James Metz, MD
Abramson Cancer Center of the University of Pennsylvania
Last Modified: November 1, 2001
It was hoped that the CA-125 blood test could also be applied as a screening test to detect ovarian cancer at an early stage in women. A good screening test needs to be safe, specific (elevated only from the particular condition being screened), and make a difference in survival because it allows for early initiation of treatment. A number of studies with many thousands of patients have not shown a benefit to using CA-125 as a screening test for the following reasons:
Because so many other conditions can elevate the CA-125 level, this test has a significant number of false positive results (i.e., it is not very specific). If every patient with a positive result underwent additional work-up, many patients would require a surgical exploration of the abdomen to definitively rule out a diagnosis of ovarian cancer. Surgery can cause significant side effects and even rarely death. It also turns out studies have shown no impact on the rate of death by using the CA-125 as a screening test. Thus, as a screening test in a patient without a diagnosis of ovarian cancer or strong suspicion of its presence, CA-125 does not fulfill the important requirements of a screening test. The risks do not outweigh the benefits, the test is not very specific in its diagnosis, and it has not been shown to significantly impact survival.

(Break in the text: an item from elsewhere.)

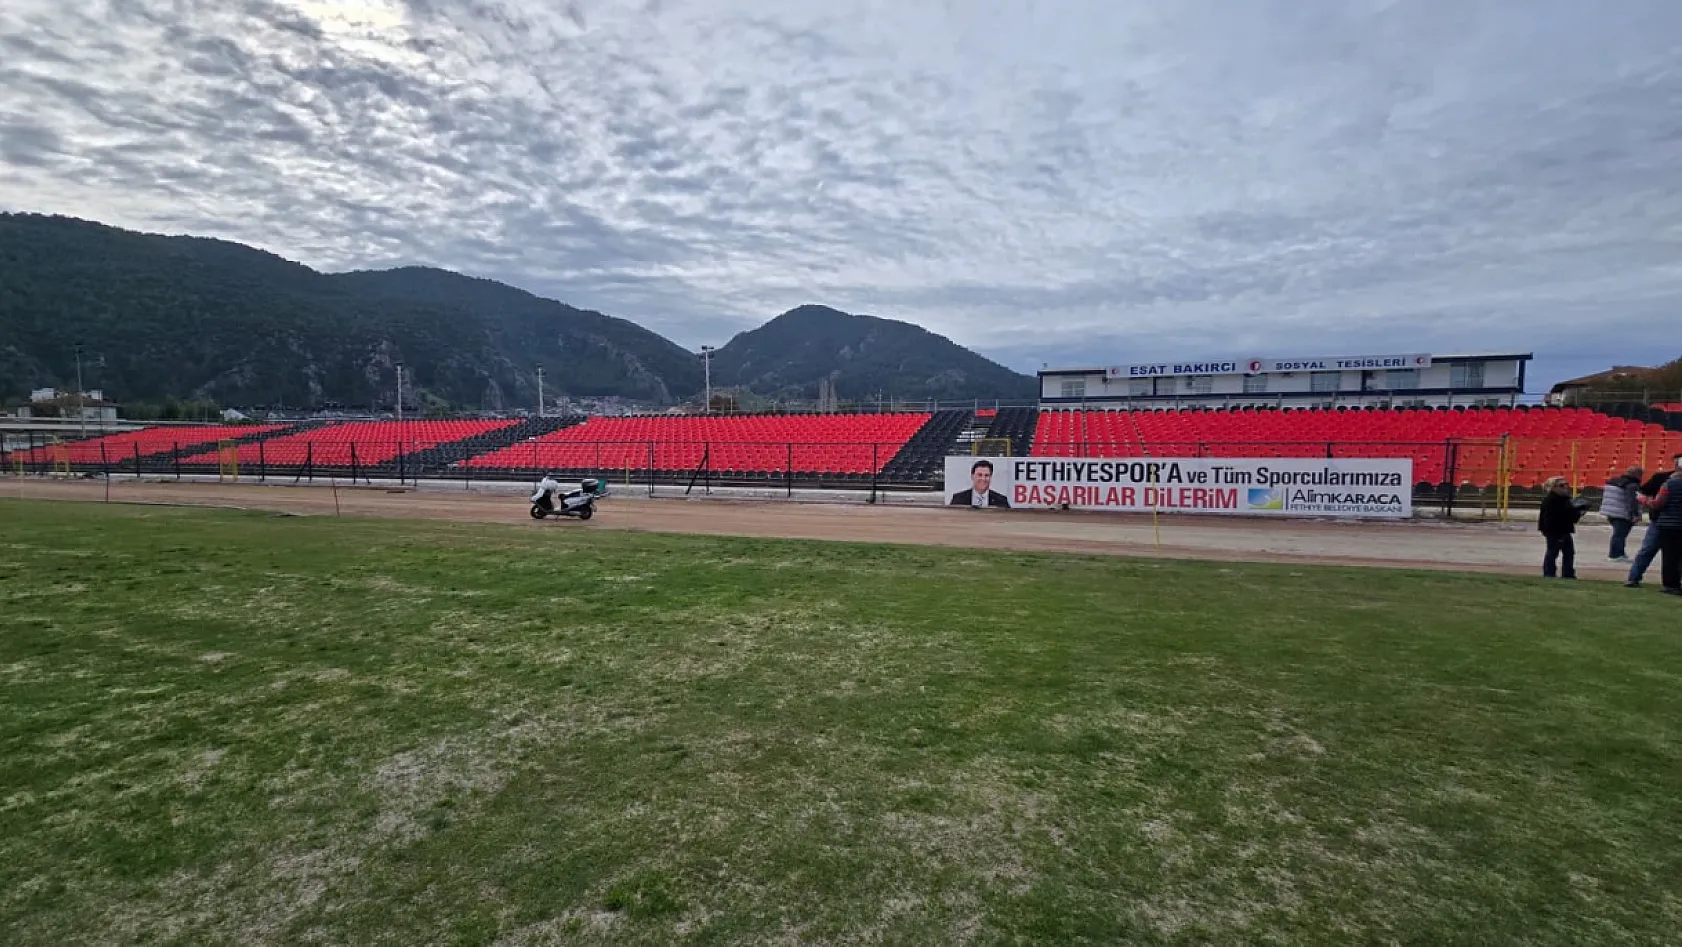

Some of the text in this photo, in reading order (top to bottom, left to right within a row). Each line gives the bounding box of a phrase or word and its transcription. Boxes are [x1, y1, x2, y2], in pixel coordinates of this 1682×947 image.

Routine screening of asymptomatic patients with a CA-125 level is not currently recommended. There are however individual instances where getting a CA-125 test is prudent. Some physicians still favor the test in patients with a strong family history of ovarian cancer and combine screening for ovarian cancer with pelvic and ultrasound examinations. Regular CA-125 blood tests are clearly indicated in patients previously diagnosed with ovarian cancer to follow response of treatment or catch a recurrence at an early stage.